Who's got two thumbs and shipped her first of 12 startups in 12 months on schedule? That's right, this girl.

In its first week, the Blogging for Devs Community reached $5K in revenue through a combination of lifetime deals, subscriptions, and my first ever Bitcoin transaction (thanks, Nico!).

A profitable first week isn't what makes this a success in my book.

I'm thrilled at all the cool members who decided to join. Exactly as I'd hoped, each person adds something unique and interesting to the community, and I'm really excited to see where it goes.

So, welcome to my first monthly retrospective.

In this post I'll be sharing a behind-the-scenes look at the first week of my paid community launch and reveal what I'm shipping in November.

Below you'll discover charts, graphs, screenshots, strategy, reflections, and my master plan for growing Blogging for Devs through viral, generated content 🔮

I promise, it's good.

How I launched a paid community in one month

First question: Did I really?

Before talking about what I've been up to in October, it's important to
get on the same page about this:

Even though I began charging to join the community this month, the community itself was launched as a sort of "closed beta" back in July.

The newsletter that helped me connect with first 100 free members (and most of the paid members — more on that later) was launched in May.

You know what they say about overnight success.

Anyway, here's what and how I launched in a month.

Blogging for Devs Pro Community

Blogging for Devs Community is a paid community for developers, makers, engineering managers, and technical founders to grow their blogs through feedback, collaboration, and continuous learning.

We have accountability groups, virtual events and workshops, members-only resources and original content, and most importantly — super kind and knowledgeable members.

For the first 250 people to join, it costs $12/month, $96/year, or $180 once.

The discussions are powered by Circle and rocking a custom theme I hacked together through highly specific CSS selectors and
vanilla JavaScript.

Vanilla JavaScript

And they say you only need to know React these days 😝

It integrates with the Gatsby website through a custom OAuth provider, which uses Firebase for authentication. It's all serverless and cloud native and such.

In October, I built Events, a member RSS feed, signup, payment, the landing page, onboarding, profiles, welcome email sequence, and a lean batch of starter content. I designed everything myself in Figma. For more granular detail on building the product, you can see the day-to-day in my twitter thread.

Enough about tech, let's talk launch.

Blogging for Devs Community

Success metrics: Why you won't find an overall conversion rate in this report

My real goal for the community was to get great people in, and not to overly optimize for converting anyone with a pulse.

That's why my biggest launch fear wasn't that no one would sign up.

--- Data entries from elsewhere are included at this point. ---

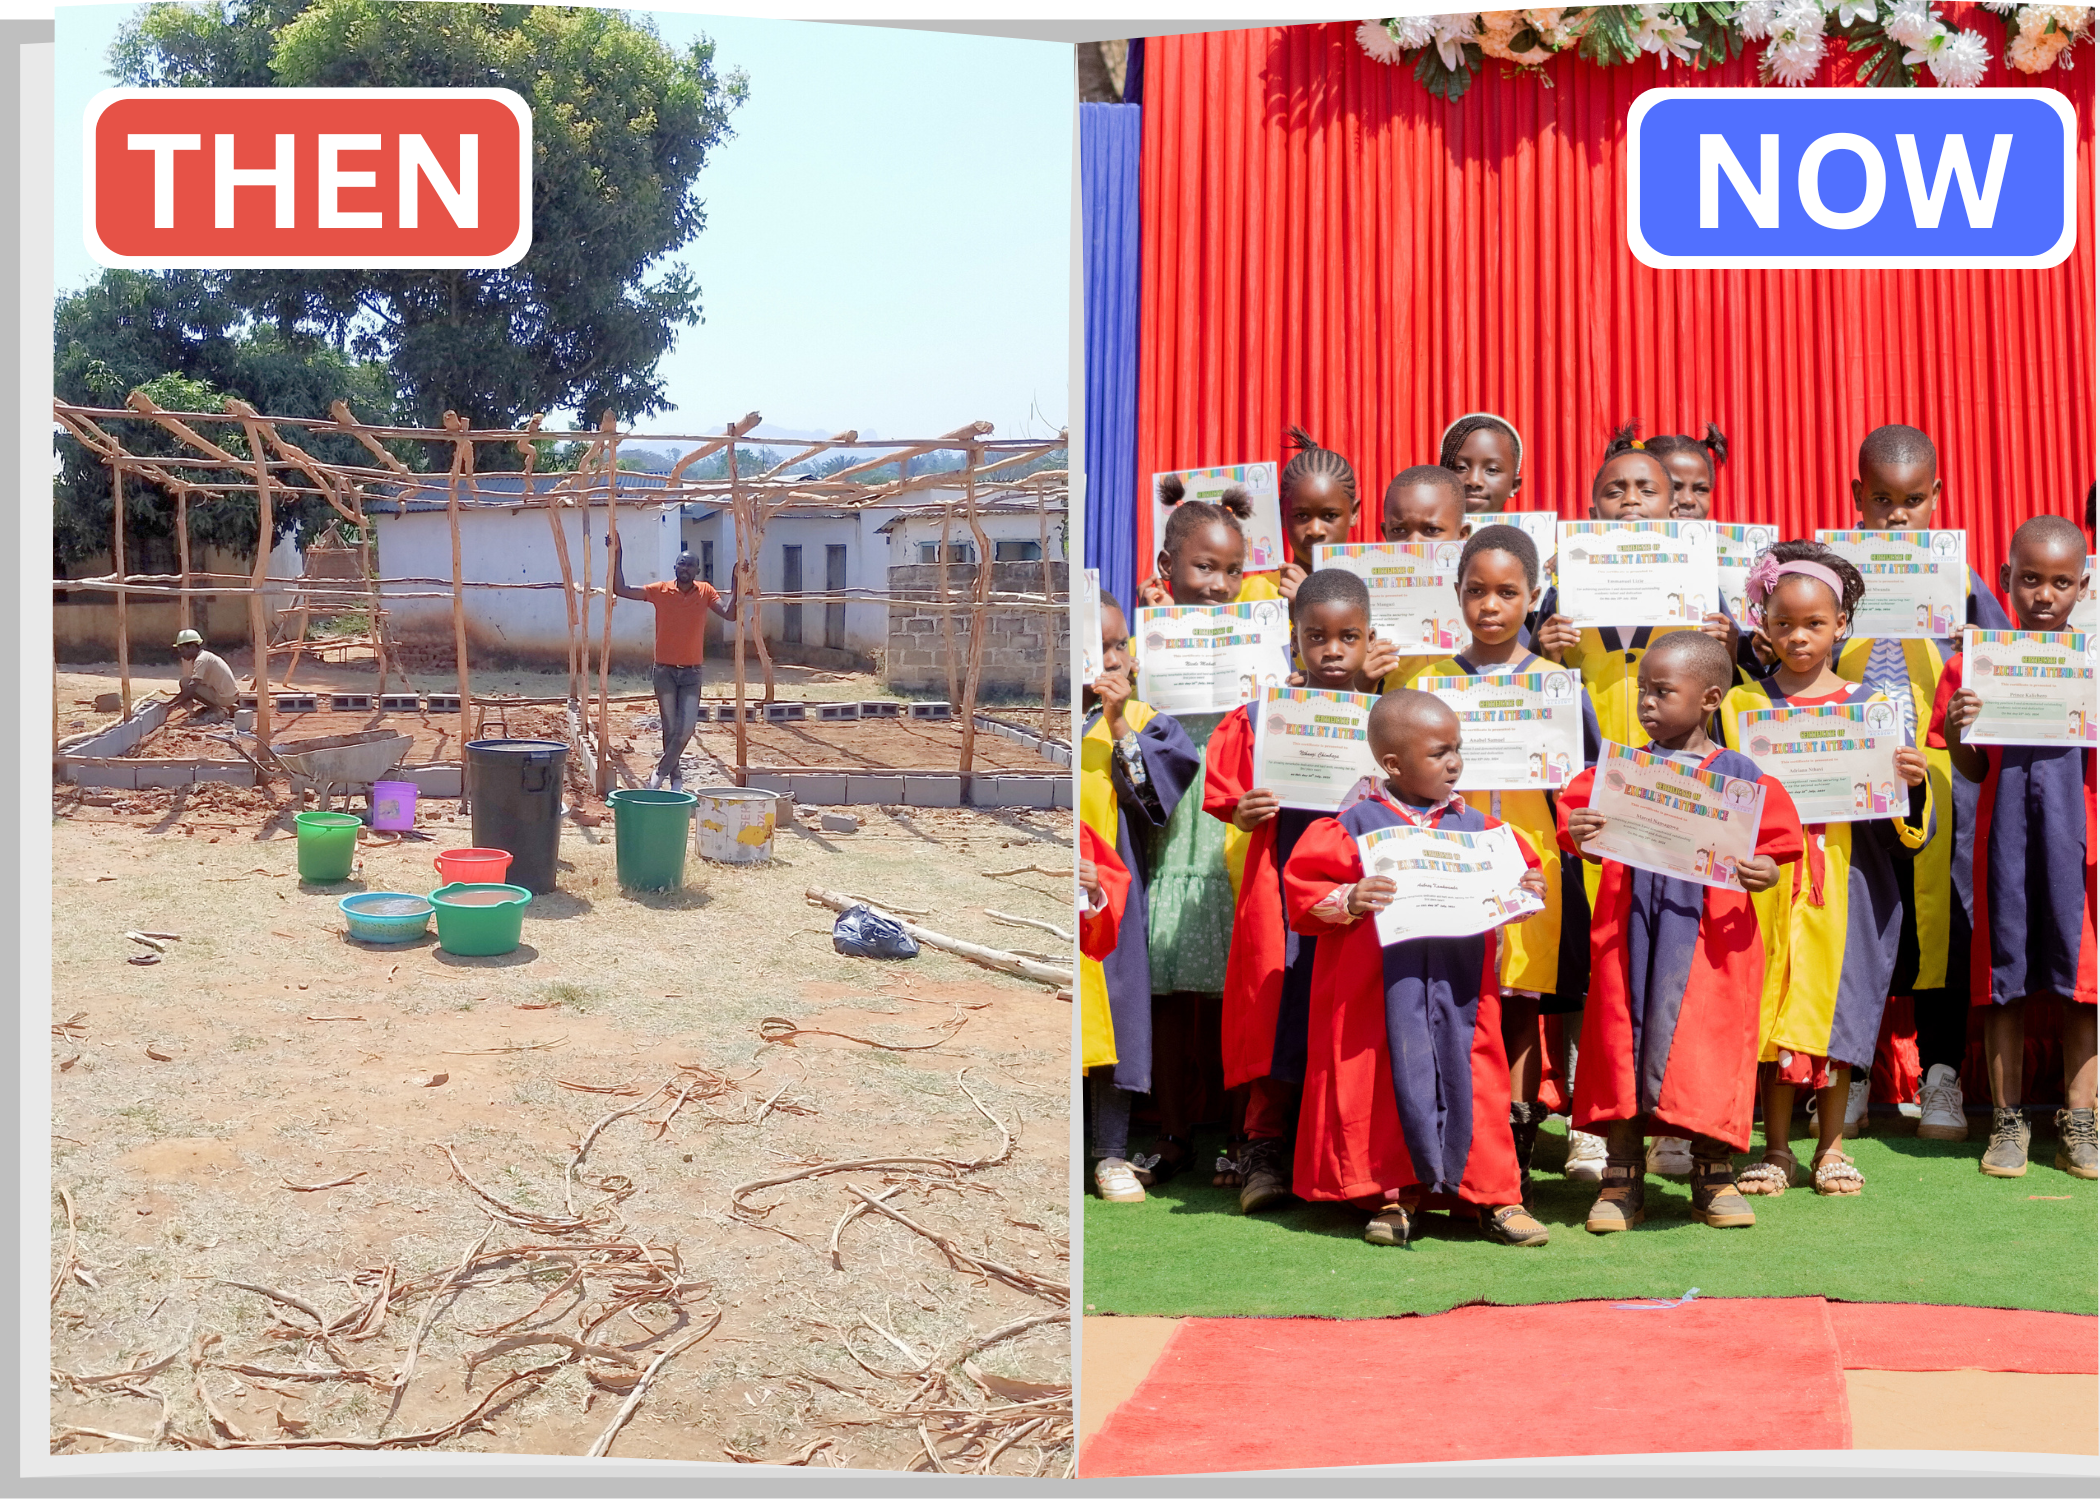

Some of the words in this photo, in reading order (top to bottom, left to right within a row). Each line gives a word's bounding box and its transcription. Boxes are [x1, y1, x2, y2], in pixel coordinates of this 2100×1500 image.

[1589, 554, 1633, 564] EXCELLENT
[1636, 553, 1688, 564] ATTENDANCE
[1888, 564, 1938, 574] ATTENDANCE
[1391, 576, 1443, 588] ATTENDANCE
[1165, 638, 1209, 649] EXCELLENT
[1211, 634, 1261, 648] ATTENDANCE
[2022, 656, 2057, 664] CERTIFICATE
[2058, 657, 2066, 665] OF
[1993, 665, 2038, 677] EXCELLENT
[2040, 667, 2093, 679] ATTENDANCE
[1479, 700, 1515, 708] CERTIFICATE
[1314, 715, 1349, 725] CERTIFICATE
[1498, 708, 1552, 721] ATTENDANCE
[1286, 724, 1330, 737] EXCELLENT
[1332, 727, 1366, 740] ATTEND
[1800, 730, 1836, 739] CERTIFICATE
[1837, 729, 1845, 737] OF
[1772, 741, 1818, 754] EXCELLENT
[1821, 738, 1875, 751] ATTENDANCE
[1656, 781, 1692, 799] CERTIFICATE
[1693, 792, 1701, 801] OF
[1624, 784, 1671, 806] EXCELLENT
[1672, 798, 1729, 821] ATTENDANCE
[1636, 813, 1652, 824] Marcel
[1398, 859, 1439, 871] EXCELLENT
[1442, 861, 1493, 873] ATTENDANCE

It was that people I don't like would sign up. Spammers, self-promoters, attention-seekers, jerks. Thankfully it hasn't been the case and everyone is awesome so far 🤞

I try to scare those types away with a prominent Code of Conduct and an "Is this right for you?" checklist.

Community Checklist

That's why I have no idea what my "conversion rate" for the community is and I don't actually care.

I do pay attention to the opt-in rate for my free newsletter, though, so don't take this as, "Girl doesn't care about metrics."

I care about metrics, just not on the community landing page.

The reason is, joining a community is a long-term thing. Something like this often takes time and multiple exposures for people to make the decision — it was the same for me and Rosieland and Trends.

The more interesting question is this:

What I can I learn about the members who did sign up, so I can find more people like them?

With that, it's chart time 👯‍♀️

So, where did the paid community members come from?

Were paying members wooed by my slick landing page, or convinced by
a carefully crafted tweet?

Turns out, probably not.

Blogging for Devs Community Member Attribution

Most new members were already subscribed to my free weekly newsletter about blogging for developers, which is about 4,000 subscribers strong.

Every Friday for nearly six months, I've been sending out original content about
blogging, SEO, going viral, attracting an audience, and a splash of motivational moments. It takes me an entire day to write.

Out of 69 new paying members in the first week, only three were
unattributable
at least one of three sources:

  1. Waitlister
  2. Newsletter Subscriber
  3. Twitter Follower

Blogging for Devs Paid Community Launch Channels

Newsletter backstory: I started the newsletter in May, and it's since grown to over 4,000 subscribers. If you want to know how, check out the writeups I've done here and here

Many people had multiple touch points: subscriber and on the waitlist, or followed me on twitter and subscriber to the newsletter.

However, only 31% of new members follow me on Twitter. I'm not offended, to the contrary — I prefer it.

Now I know that if I want to grow the community, the best thing I can do
is have more of the right people join the newsletter first.

That's why my goal is to grow the newsletter, and trust that the community
will eventually benefit from the best subscribers joining up.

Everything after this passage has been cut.